Lo spettacolo indaga l’attitudine umana alla risata misurandone i limiti e la complessità con il tipico piglio socio-antropologico da sempre cifra di Teatro Sotterraneo. La risata, strumento prettamente umano di libertà e di consenso, ma che si esprime in modalità bestiali, attraverso la rinuncia al respiro e il digrignare dei denti, viene qui indagata nei suoi meccanismi più o meno profondi attraverso la formula, non nuova alla compagnia, del test sul pubblico.
Nel primo test una serie di “demotivational” interrogano il pubblico sul sarcasmo verso l’olocausto, l’attacco terroristico dell’undici settembre e la carestia nel terzo mondo. Si può ridere quando “non c’è niente da ridere?” Assistiamo alla morte in scena di un malato terminale e infine a un pestaggio violento seguito da una sparatoria.
Episodi che nella realtà desterebbero preoccupazione qui non ci turbano minimamente, ma non trovano neanche distensione nella risata dissacrante. Si resta sospesi, ci si incunea in un vicolo cieco. Si finge sfacciatamente la finzione, tant’è che una spettatrice scelta tra il pubblico come possibile vittima esclama:«So che non lo farete!», e si sente rispondere: «No, ovviamente non lo faremo.» L’illusione di indagine scientifica sulla risata si scioglie davanti allo spettatore, che scopre la beffa dell’intero spettacolo.
Teatro Sotterraneo come sempre ci sfida a trovare una chiave, solo che questa volta le porte da aprire sembrano troppe. Il ridere è un’arma di liberazione, un’inversione che ribalta i racconti e le visioni del potere? Il ridere è un modo di nascondersi nelle maggioranze, attraverso l’irrisione dell’altro?

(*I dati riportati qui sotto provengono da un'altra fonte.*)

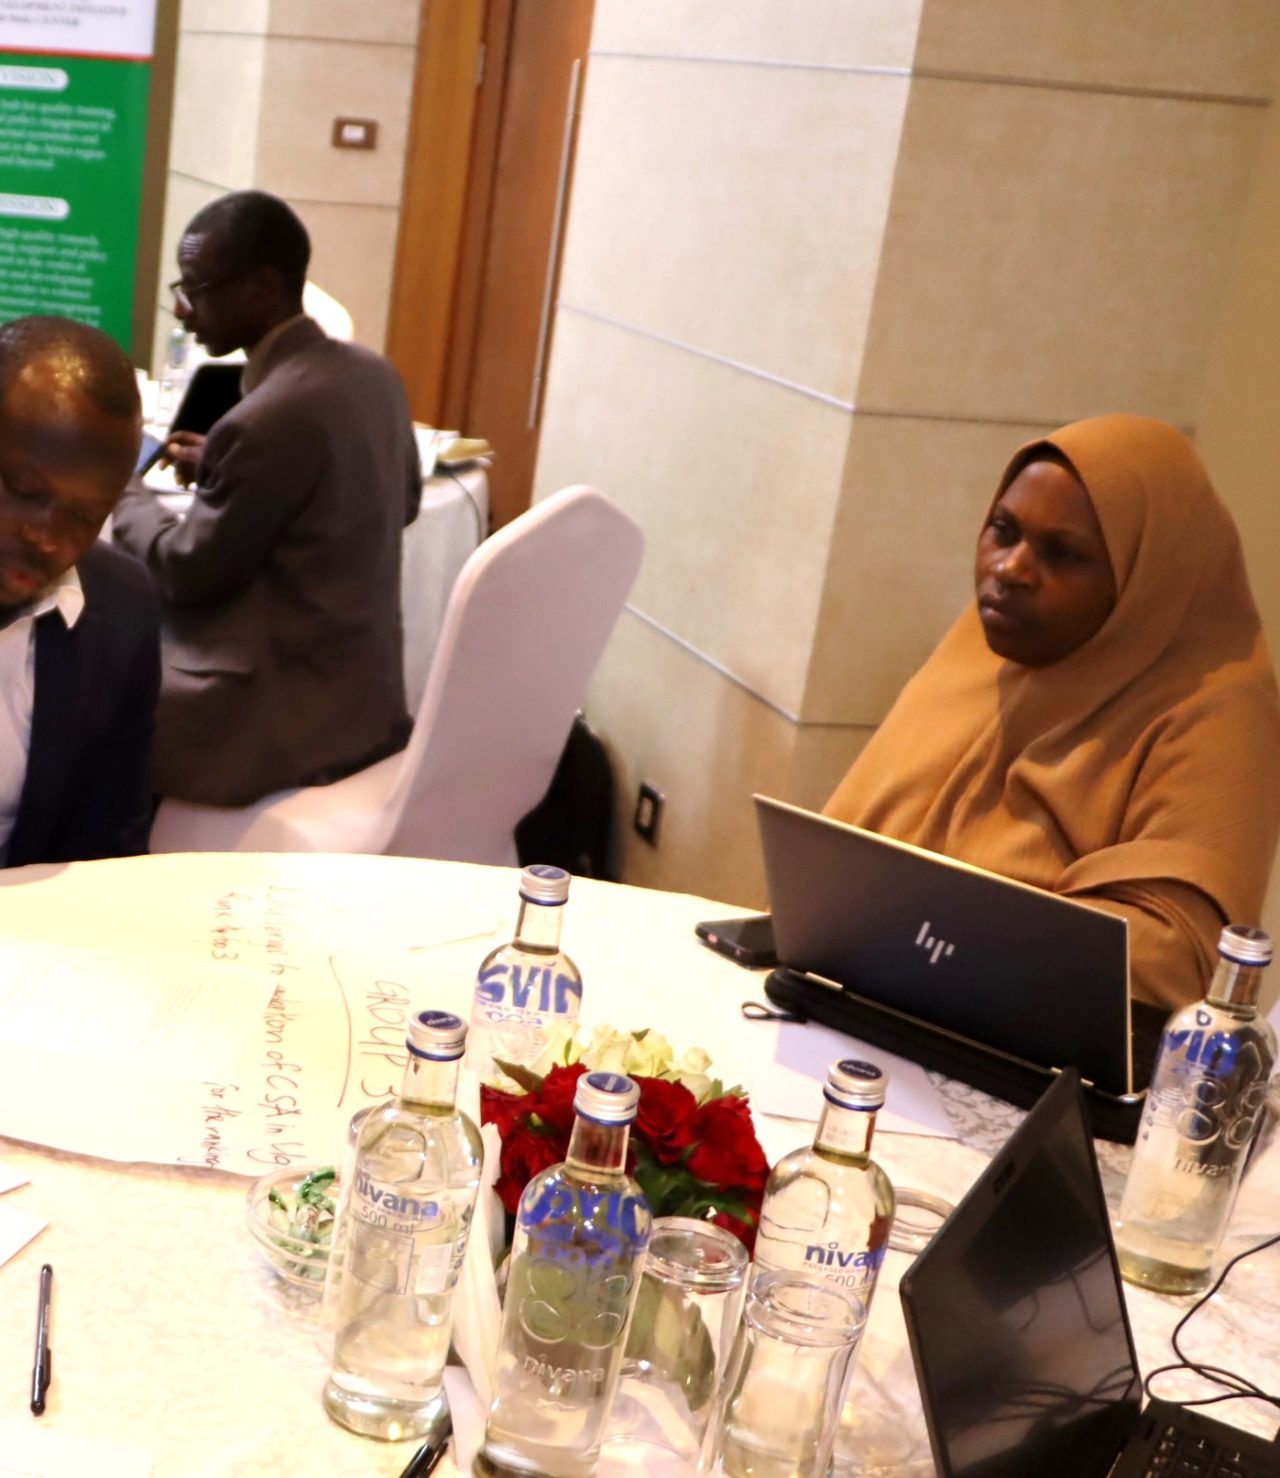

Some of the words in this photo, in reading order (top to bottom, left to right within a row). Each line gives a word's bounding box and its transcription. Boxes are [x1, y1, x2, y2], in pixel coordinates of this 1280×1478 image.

[261, 1050, 302, 1073] of
[202, 1081, 241, 1099] for
[257, 1074, 303, 1118] CSA
[361, 1079, 402, 1098] 3
[265, 1122, 297, 1134] in
[361, 1205, 388, 1228] 500
[523, 1353, 605, 1383] nivana

Il momento di maggiore “crisi” non sta nella ricerca delle risposte, bensì nell’istante di sbandamento del « è tutto finto!» gridato dalla ragazza suicida, che dichiara “a parole” la finzione, finge di uscire gridando, mostra di ribellarsi. In quei momenti però crediamo a lei, vorremmo intervenire, sostenere il suo grido per protestare a nostra volta, perché quello che vediamo è tutto finto, troppo finto. Solo a tratti questo Homo Ridens riesce a farci ridere, solo a tratti sceglie di farci riflettere. La restante parte del tempo è pervasa dai segni di quel grido, dalle sue sperate risonanze.